Он сунул руку в карман и извлек российский паспорт общегражданского образца:

— Договор и документы оформите на мое имя.

Менеджер вскинул брови:

— Вот как? Ну что ж, отлично.

Он быстро поднялся, в мгновение ока оказался за дверью кабинета и рысцой подбежал к Танечке, уже натянувшей свою модную короткую шубку:

— Отпечатай договор по дому на Крымской. Моментом!

Танечка удивленно на него посмотрела и дернула подбородком в сторону двери:

— А он его хоть видел? А то потом разборки пойдут…

— Видел-видел, и вообще — не твое дело. Давай в темпе.

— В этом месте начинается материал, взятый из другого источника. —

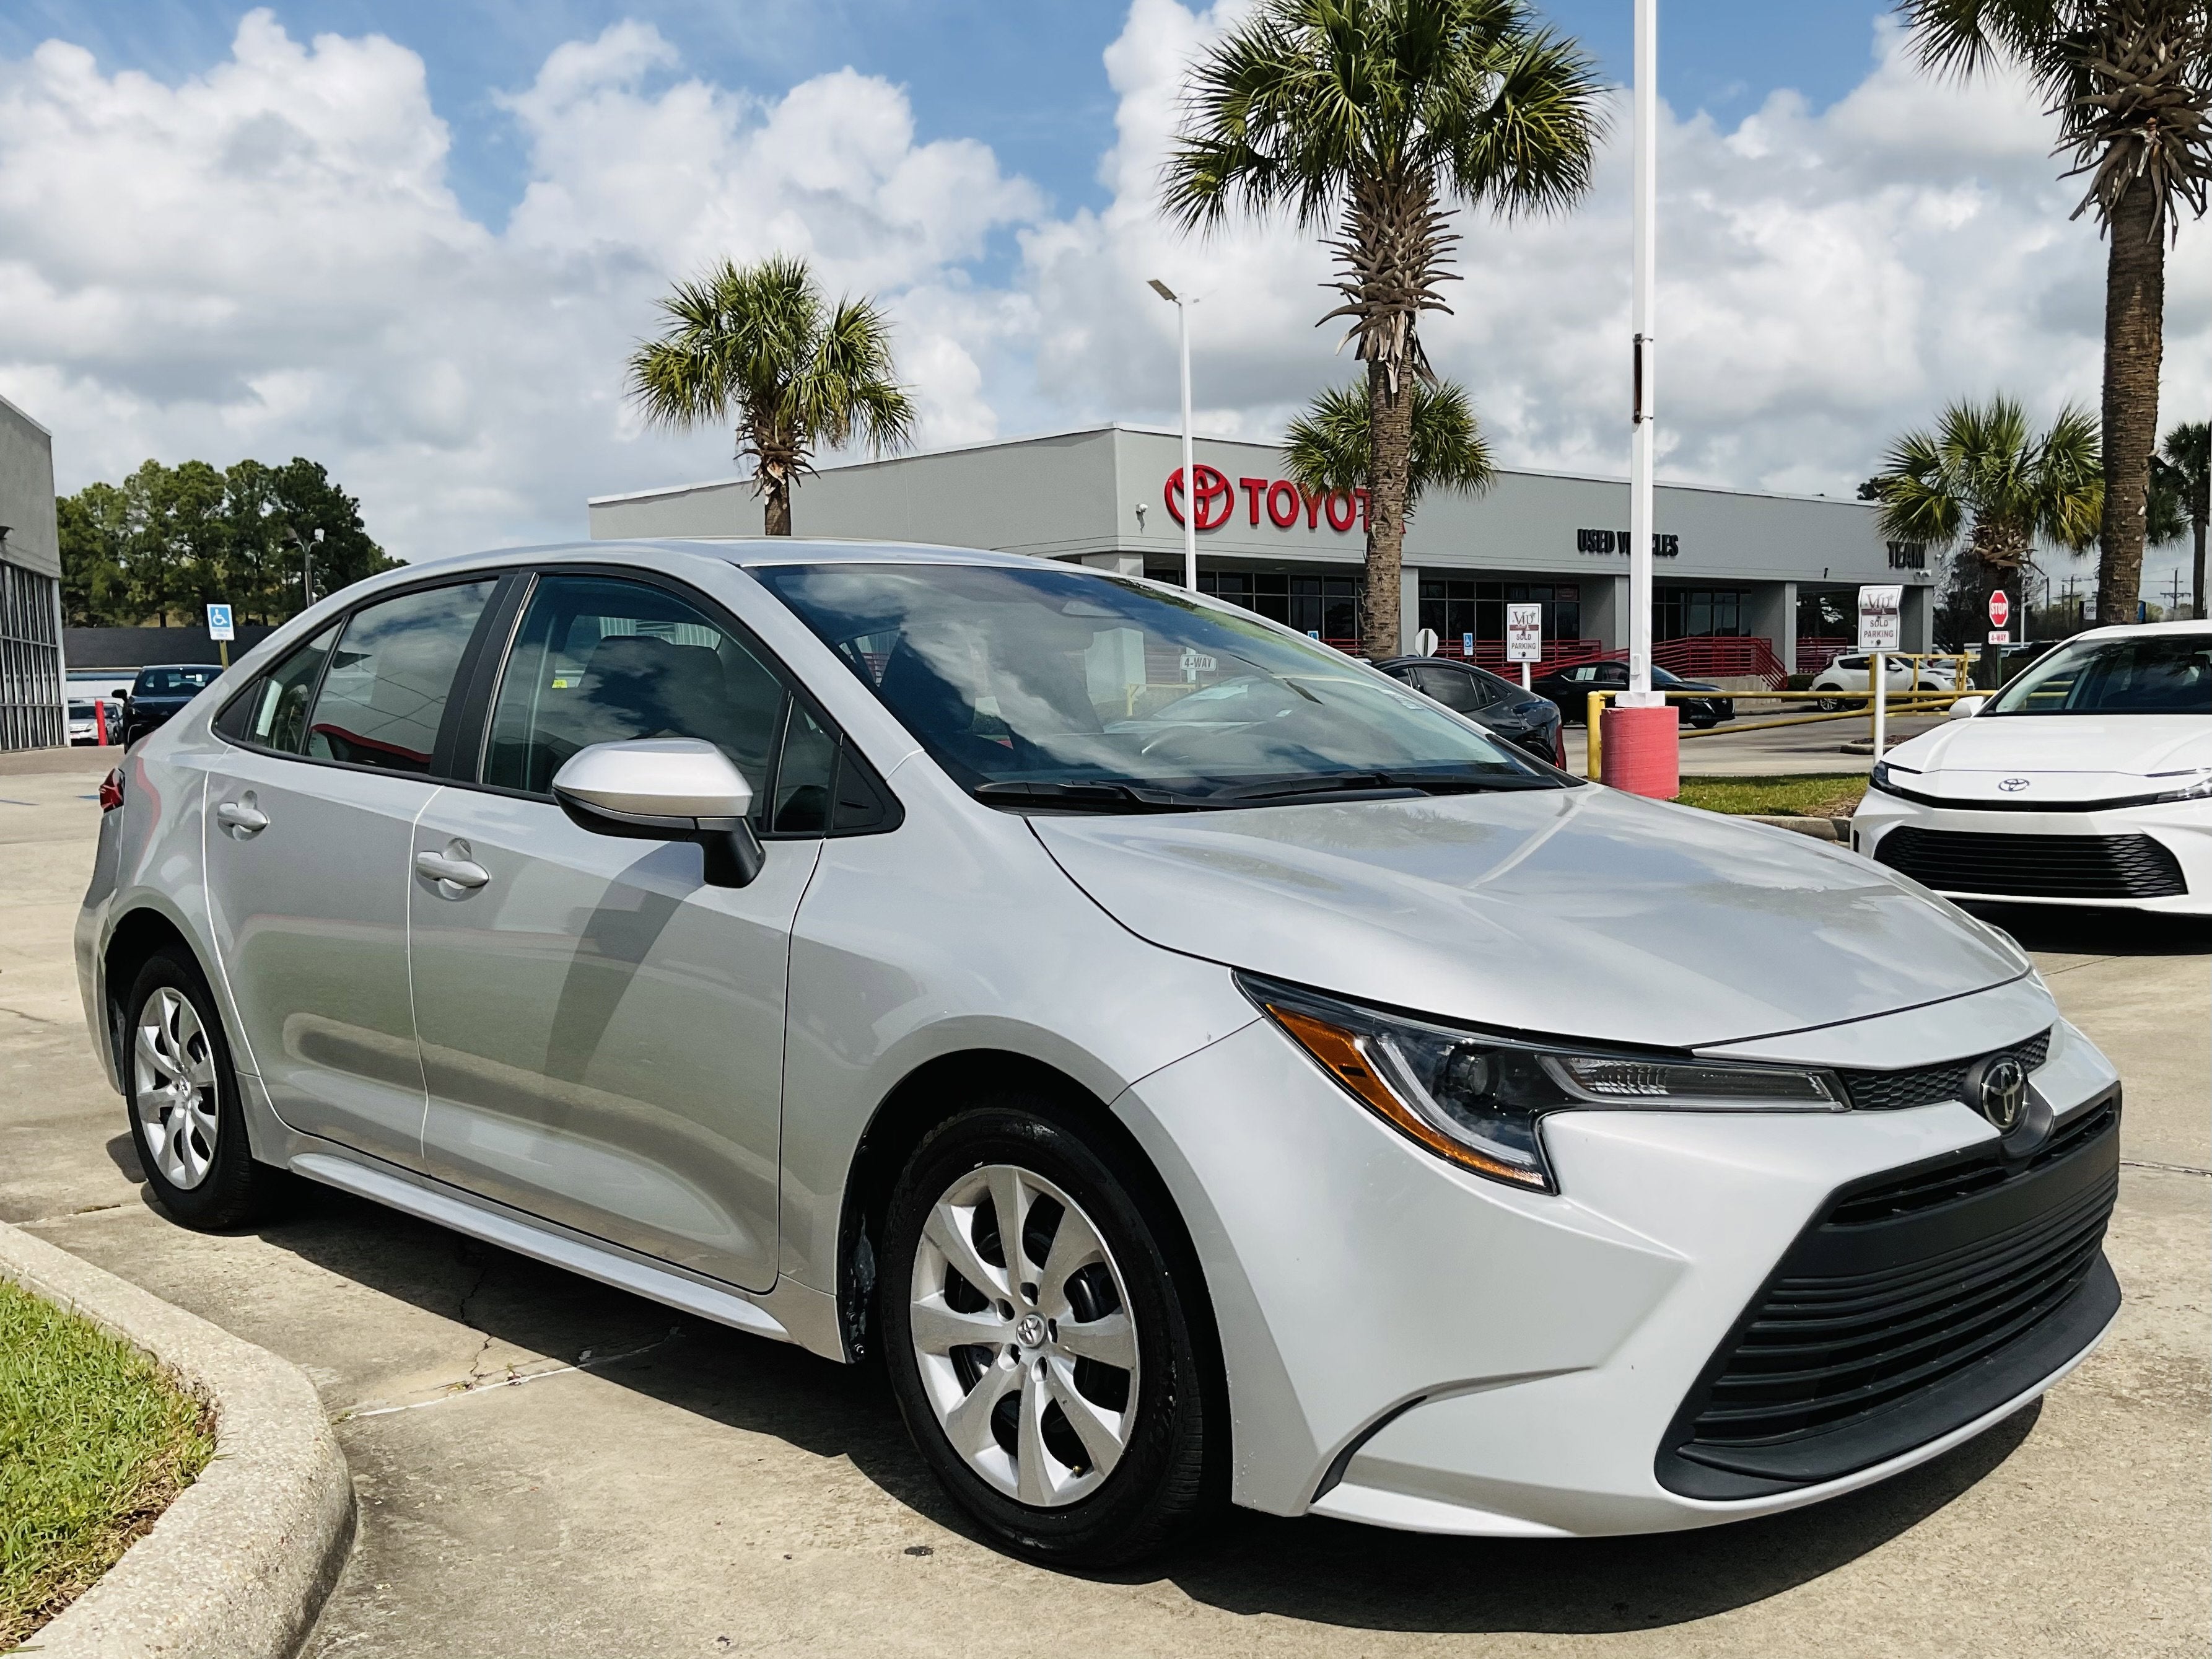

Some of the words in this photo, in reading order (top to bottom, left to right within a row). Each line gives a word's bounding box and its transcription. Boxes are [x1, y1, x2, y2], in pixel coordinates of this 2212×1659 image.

Танечка сморщила лобик, но, заметив, что начальник уж очень серьезен, молча уселась за компьютер. Менеджер нервно потер лицо. Он и сам не до конца понимал, с чего это он так разнервничался. Вроде как еще минуту назад сидел и прикидывал, как будет загребать хорошие деньги, а сейчас хочется только одного — поскорее завершить все формальности и спровадить гостя за дверь. И больше — никаких дел с этим гребаным Фондом. Впрочем, сегодняшним днем все, естественно, не кончится. Прежде чем договор о купле-продаже вступит в законную силу, предстоит еще немало повозиться. Но это потом, а сейчас вот вам, молодой человек, в зубы ваш особнячок — и адью. А всю остальную работу пусть делают младшие агенты.

— Ну, долго ты?

— Да что вы нервничаете — все готово. — Танечка обиженно надула губки. Но ее старания показать, как она обижена, пропали втуне. Менеджер схватил еще теплые после «Хьюлетта» листки договора и рысью унесся в кабинет…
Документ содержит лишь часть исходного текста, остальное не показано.